At the highest level of overview (figure 4) the map shows the concentration of NHS Board areas which fail to meet the minimum standard (70%) for breast screening uptake. These are NHS Greater Glasgow and Clyde and NHS Lanarkshire. Figure 5 shows an overview of uptake, by uptake level, across Scotland.
As indicated in figure 5 above, most areas meet or exceed the minimum uptake standard for the programme. Areas of under-target performance can be identified across Scotland, however the central belt of Scotland has by far the greatest concentration of areas of lower levels of uptake (see figure 6, below). Given population density, the central belt area has the largest share of the eligible population invited for breast screening in Scotland, with lower levels of uptake in the most deprived areas served.
Appendix 2 shows uptake by data-zone for each Breast Screening Centre in Scotland.
The geospatial maps shown have been developed as an interactive tool, with the ability to zoom in / out to individual geographical areas of varying sizes, for example drilling down to uptake data at individual datazone level. This functionality was developed to support the work of the review, and it built on the new availability of activity data at postcode level. However, the geographical information system capability should be developed further to support local Health Board screening leads and Health Promotion Specialists to further identify inequalities and areas of targeted opportunity. Such a tool would also assist Breast Screening Centres in planning the screening schedule, particularly the strategy for mobile location. For strategic planning, the same geospatial maps could be used to support demand modelling, including consideration of variables such as travel time and distance for various scenarios and potential screening delivery locations. Some initial exploratory work in this area has been undertaken with the Public Health Scotland Geospatial Service as part of the review process, however COVID constraints prevented full engagement and development of any site specific scenario planning or options development with individual sites.

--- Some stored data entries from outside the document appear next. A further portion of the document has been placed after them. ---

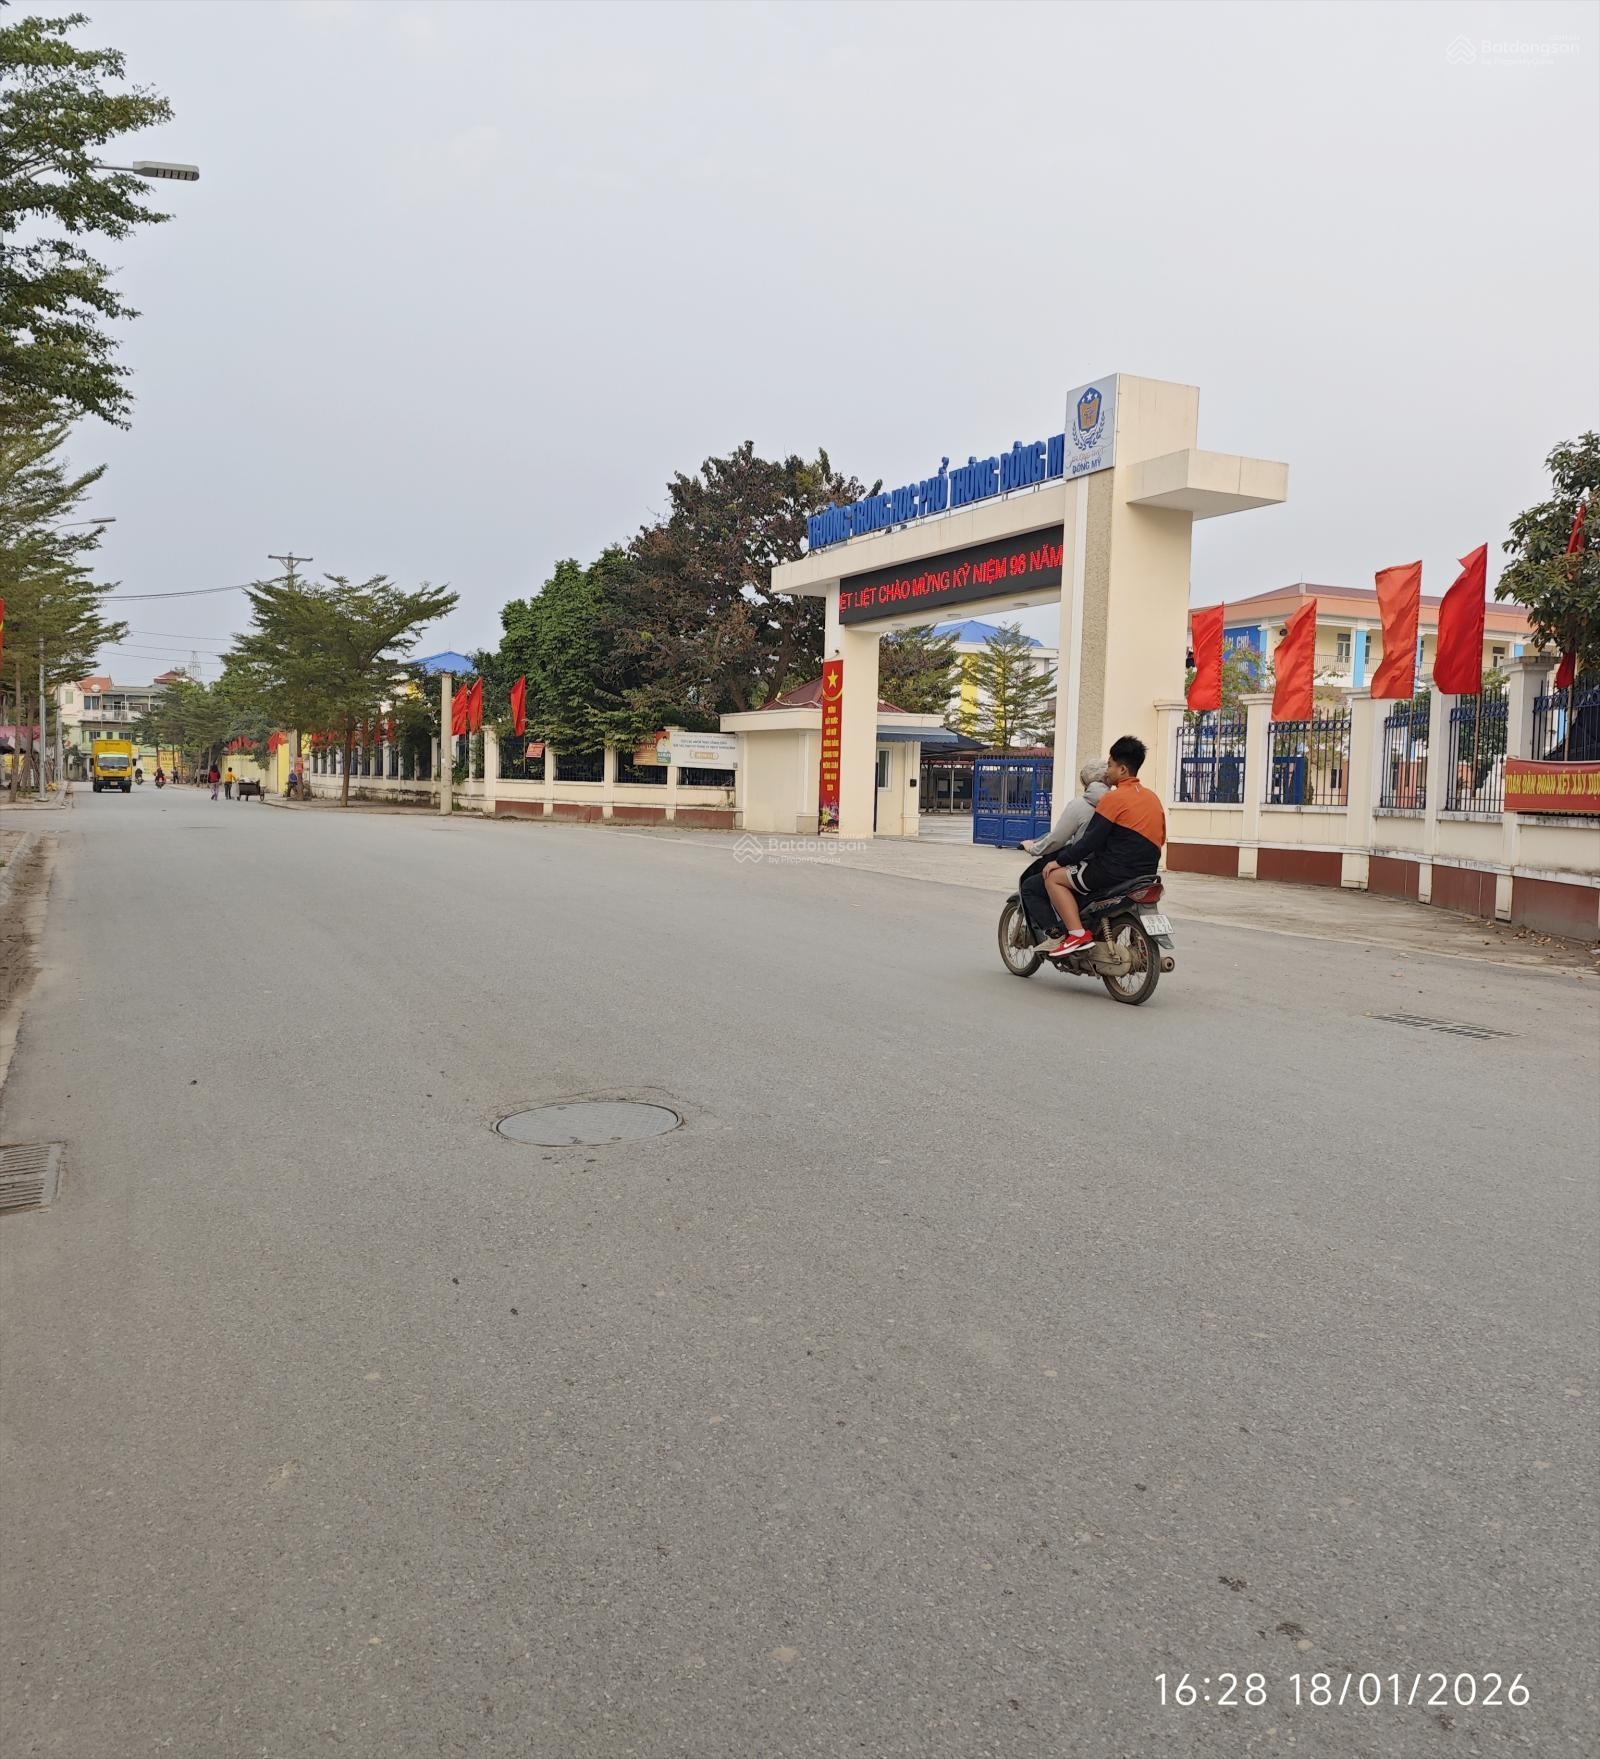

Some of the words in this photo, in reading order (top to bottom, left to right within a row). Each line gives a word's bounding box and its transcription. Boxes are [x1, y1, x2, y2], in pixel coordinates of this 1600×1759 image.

[851, 491, 891, 537] TRUNG
[892, 483, 919, 529] HỌC
[919, 457, 949, 516] PHỔ
[949, 456, 999, 507] THÔNG
[1047, 433, 1066, 478] M
[879, 579, 911, 604] CHÀO
[912, 571, 950, 597] MỪNG
[973, 557, 1007, 585] NIỆM
[1029, 543, 1064, 572] NĂM

Given the challenges noted above in the Central Belt of Scotland associated with inequalities in uptake, a specific focus and development of a central belt strategy on uptake maximisation and location of screening delivery would potentially support improvement. Improved use of local geographical data may also support the greater involvement of Health and Social Care Partnerships in community engagement and health promotion.